Taxas de juros do cartão de crédito seguem as mais altas do mercado

O mau uso do cartão de crédito é o principal motivo do endividamento do brasileiro. Mais uma vez, a Proteste Associação Brasileira de Defesa do Consumidor realizou um estudo sobre esse meio de pagamento e identificou que os juros praticados nos cartões são os mais altos do mercado. Eles podem chegar a 875,25% ao ano, no pagamento rotativo no cartão Trigg Gold, do Banco Omni, por exemplo. Para piorar, na hora da contratação, as instituições financeiras não são transparentes ao informar sobre o Custo Efetivo Total (CET) que incidem em quatro serviços: pagamento rotativo, saque, parcelamento de fatura e da compra.
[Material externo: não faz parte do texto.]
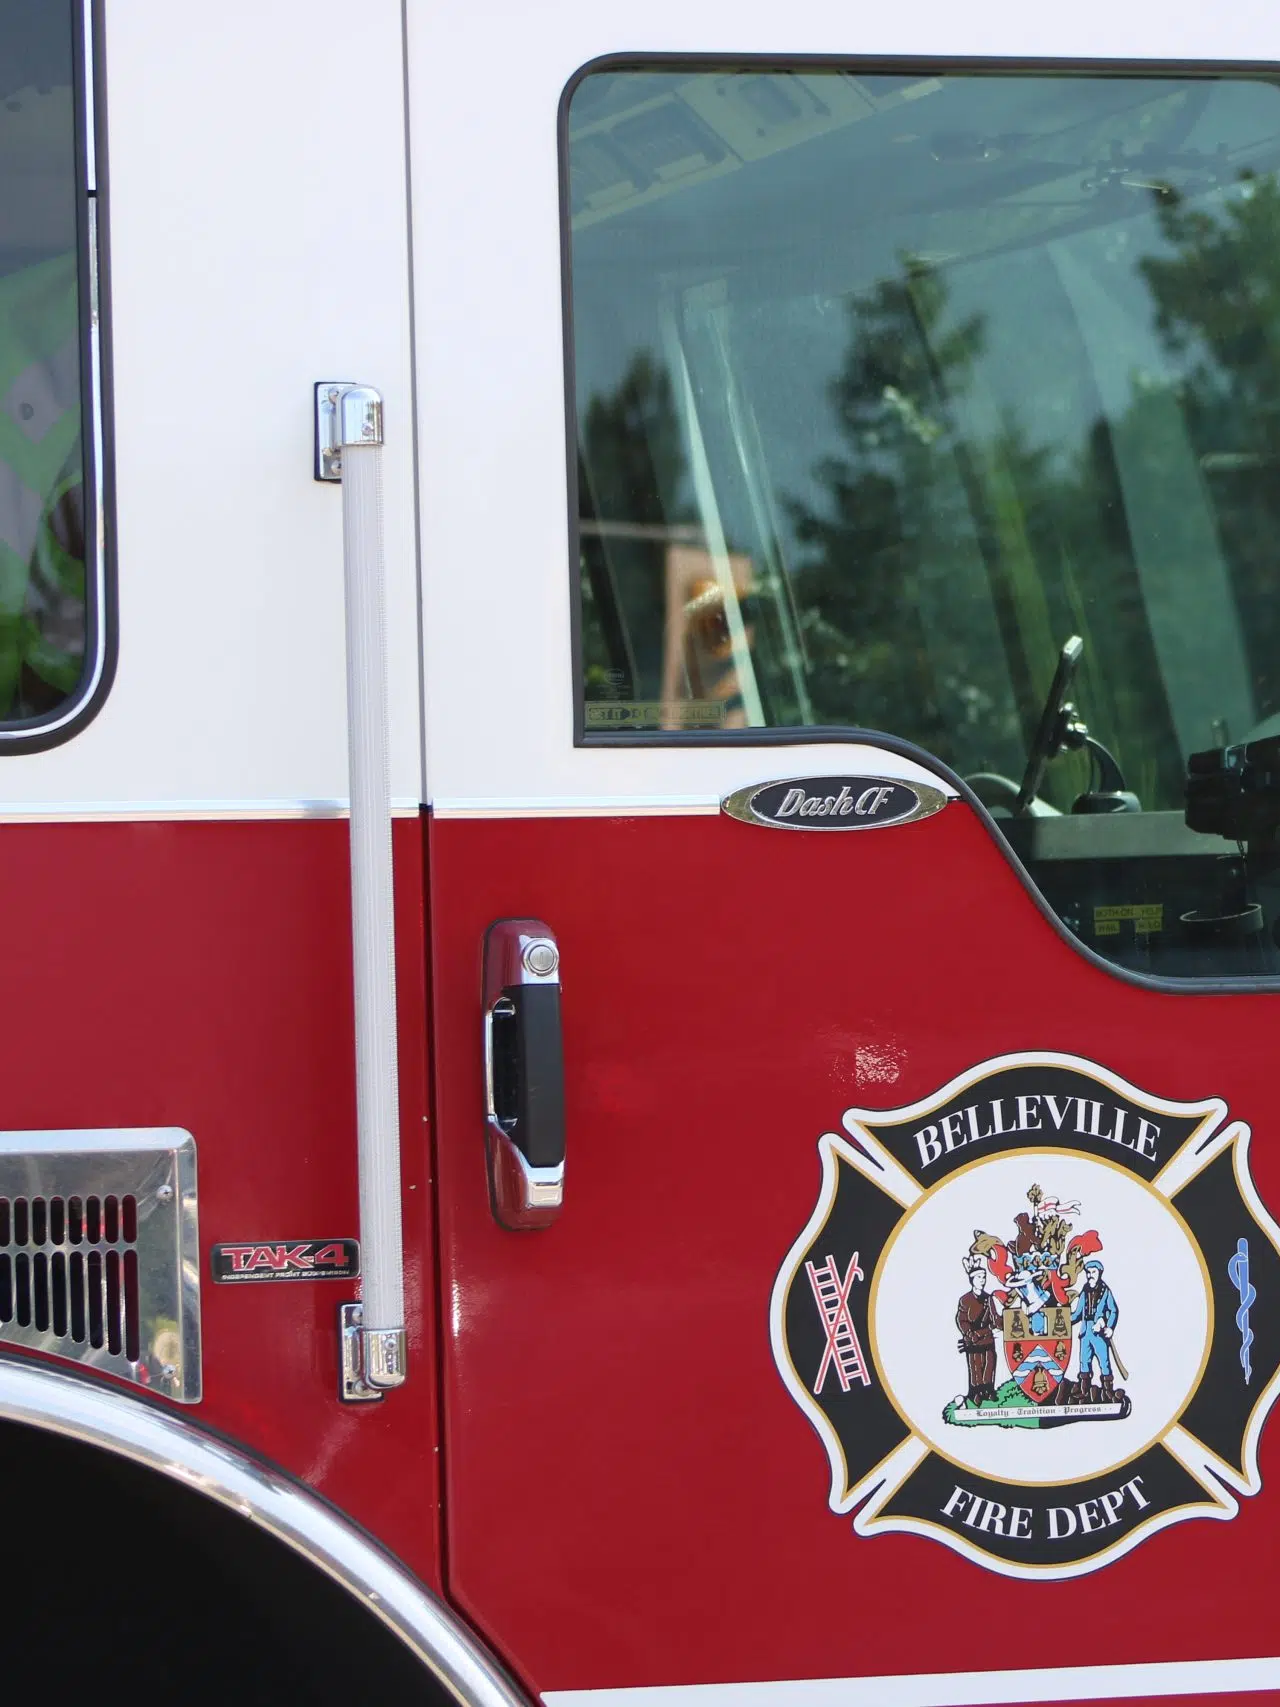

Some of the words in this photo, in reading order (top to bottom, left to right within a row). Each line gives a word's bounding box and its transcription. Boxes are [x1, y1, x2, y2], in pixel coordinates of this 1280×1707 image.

[775, 786, 854, 818] Dash
[854, 786, 895, 816] CF
[913, 1094, 1162, 1169] BELLEVILLE
[220, 1243, 350, 1272] TAK-4
[976, 1409, 1009, 1418] Loyalty
[1016, 1407, 1056, 1416] Tradition
[1063, 1405, 1101, 1415] Progress
[940, 1484, 1032, 1539] FIRE
[1046, 1475, 1151, 1539] DEPT
A falta de clareza foi constatada durante o estudo, quando a Proteste entrou em contato com as maiores operadoras e teve dificuldade em obter as taxas dos juros cobrados, num flagrante desrespeito ao Código de Defesa do Consumidor (CDC) – de acordo com a legislação, ofertas de produtos ou serviços devem assegurar informações corretas, claras, precisas. Mas, após diversas tentativas, a Associação conseguiu avaliar 87 cartões de 17 instituições e a escolha certa foi o do Banco Inter, Gold-Mastercard.

“O critério usado é a ausência de cobrança de anuidade, juntamente com os menores juros cobrados no rotativo. Também partimos do princípio de que o cartão deve ser usado com moderação, para que o consumidor consiga pagar o valor total de sua fatura em dia, sem precisar entrar no rotativo e gastar dinheiro com juros”, explica Rodrigo Alexandre, especialista da Proteste.

Assim como o Gold do Banco Inter, os cartões PAN Zero Anuidade, PAN Básico, Credicard Zero, Original Internacional, Nubank, Digio, Next e Cartão C6 também não possuem anuidade. Mas o do Banco Inter se destacou por ter os juros mais baixos (143,55% ao ano, no rotativo). “Já os cartões do Banco Pan apresentam a segunda taxa mais alta do nosso estudo, com 747,19% ao ano, no rotativo”, afirma o especialista. Vale ressaltar que os juros que incidem nos outros serviços também são bem altos. Por exemplo: no parcelamento da fatura, maneira pela qual as pessoas fogem do rotativo (incorretamente), encontramos CET de até 621,38%, no PAN Zero Anuidade.

“Por isso, esse cartão jamais pode ser usado de forma descontrolada e a fatura deve ser sempre paga totalmente até a data do vencimento”, orienta Rodrigo.

Além de não cobrarem anuidade, o C6, o Next, o Digio, o Nubank e os dos bancos Inter e Original são cartões digitais, o que pode ser uma vantagem extra, dada a praticidade. “Tudo é feito por aplicativo, a contratação, o acompanhamento da movimentação, a geração do boleto e o pagamento da fatura. Mas precisa de smartphone e internet. Seja qual for a escolha (cartão físico ou digital), o importante é que ele atenda às suas necessidades e os custos caibam no seu orçamento”, esclarece Rodrigo.

Algumas instituições oferecem cartões de crédito livres de anuidade, mas Rodrigo lembra que é preciso tomar cuidado, pois, muitas vezes, a isenção só ocorre no primeiro ano. A partir do segundo, a tarifa pode ser bem alta, como nos casos do Santander Dufry Platinum (R$ 624) e do Original Platinum, do Banco Original (R$ 504). O mercado ainda oferece isenção sob algumas condições. O Banco do Brasil dá 12 meses de gratuidade aos clientes dos Ourocard Elo e Ourocard Elo Mais que aderirem ao Clube de Benefício do BB. Mas, a partir do segundo ano, cobra R$ 190 e R$ 352, respectivamente. Já o Itaú não cobra anuidade aos usuários do Latam Pass Itaucard Internacional que gastarem R$ 1 mil por mês, no mínimo. Existem ainda as isenções da anuidade por determinados períodos. São exemplos os cartões Banrisul Standard, Banrisul Gold e Banrisul Platinum (todos da bandeira Mastercard), que não cobram os primeiros seis meses. A partir do sétimo mês, se o cliente usar o cartão de acordo com a política de desconto, pode continuar sem pagar a parcela mensal da anuidade do cartão. “É preciso deixar claro que, se o valor mínimo não for atingido, o consumidor pagará a parcela da anuidade do mês em questão”, ressalta Rodrigo.